Container is a solution
The idea is not absolutely new. In the middle of previous century the trucking industry had almost the same problem of 2 sets: different sizes and shapes of cargo and plenty of transportation approaches. Standard transport container was introduced as universal wrapper for any kind of goods. The trucking industry operates in terms of these standard containers. Software as a Service applies the same idea. Docker helps developer to pack any application with all its dependencies into container and be sure it can be runned anywhere. On the other hand, system administrator have to worry about container environment configuration only and be sure it can run any application within a container.
Formally, docker provides a system to pack, ship and run any application as a lightweight, portable, self-sufficient container that runs virtually anywhere. It uses LXC or other solution based on cgroups and namespaces. But docker doesn’t depend on Linux platform directly. That’s for ability to use docker on Windows in the future. Docker is an application-centric technology. The main goal is to run application. “Dockerizing” is a duty of software developer to make an application to be run inside docker container.
Based on hypervisors Virtual Machines (VM) were used widely for cloud computing infrastructure.
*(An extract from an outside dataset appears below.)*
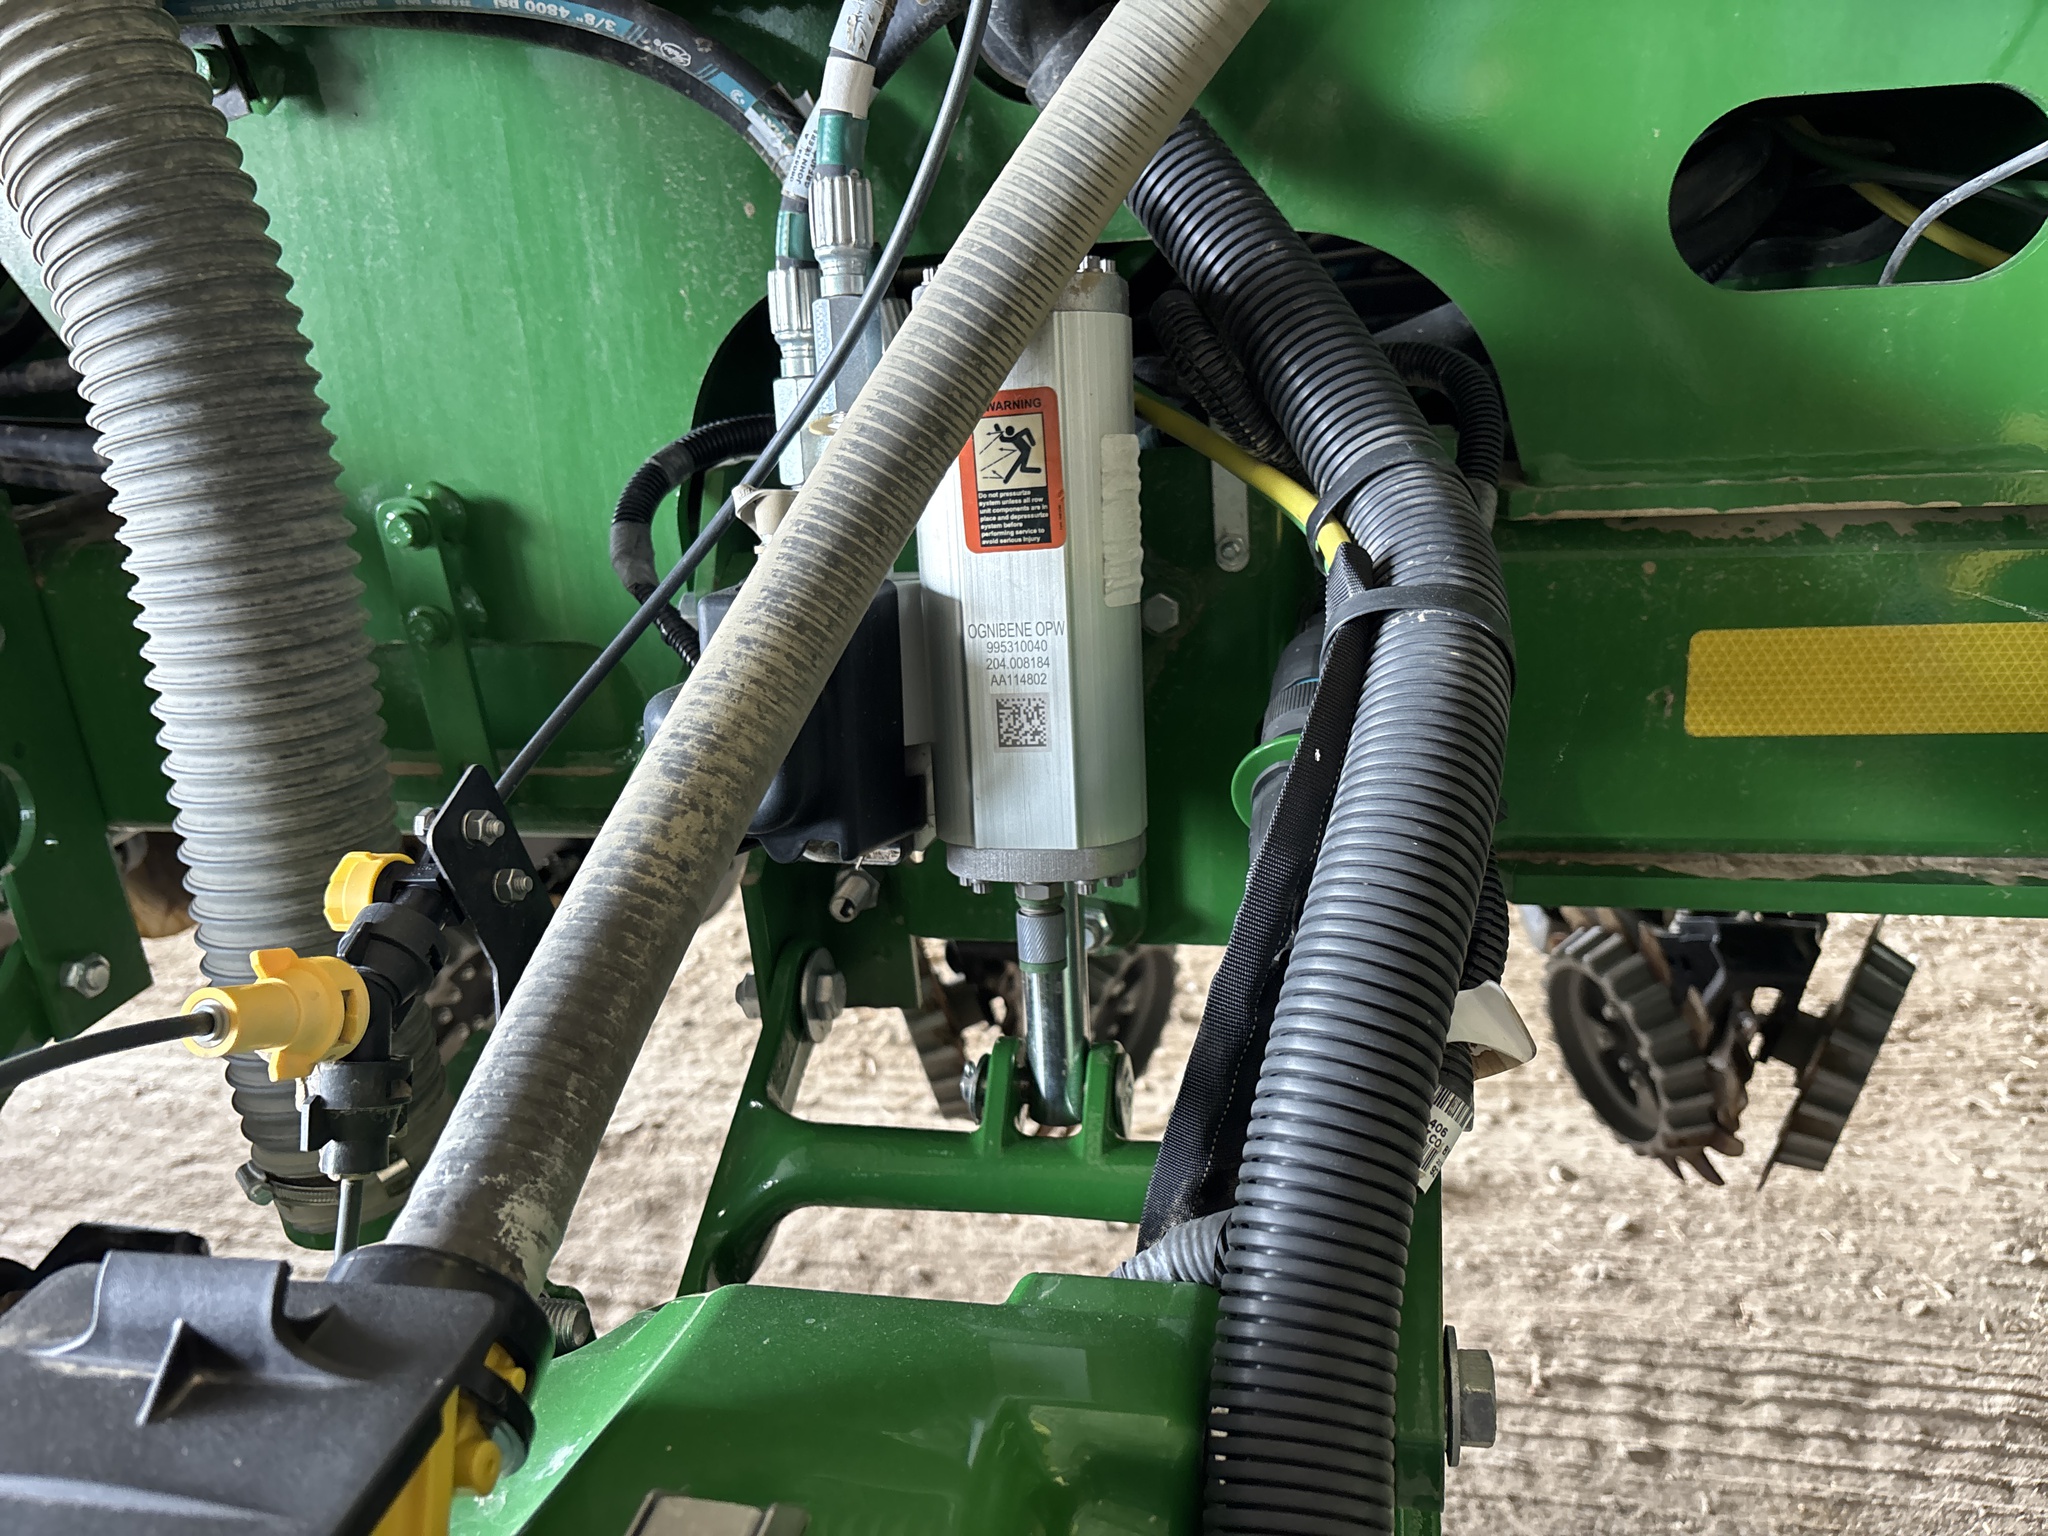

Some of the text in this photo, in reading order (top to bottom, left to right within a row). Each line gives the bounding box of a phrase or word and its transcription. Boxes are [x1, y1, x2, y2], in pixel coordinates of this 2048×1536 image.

But VM starts very slow, takes much more resources. It’s impossible to run a VM in another VM. Guest OS of VM knows nothing a fact that it’s running in VM. Container doesn’t have guest OS. It works in terms of the same OS installed and runned on the system. There are a lot of other technologies similar to docker. E.g., chroot can be treated as basic dummy container. There are also LXC, BSD jails, OpenVZ, Parallels Containers, etc. But they are not so cool as docker.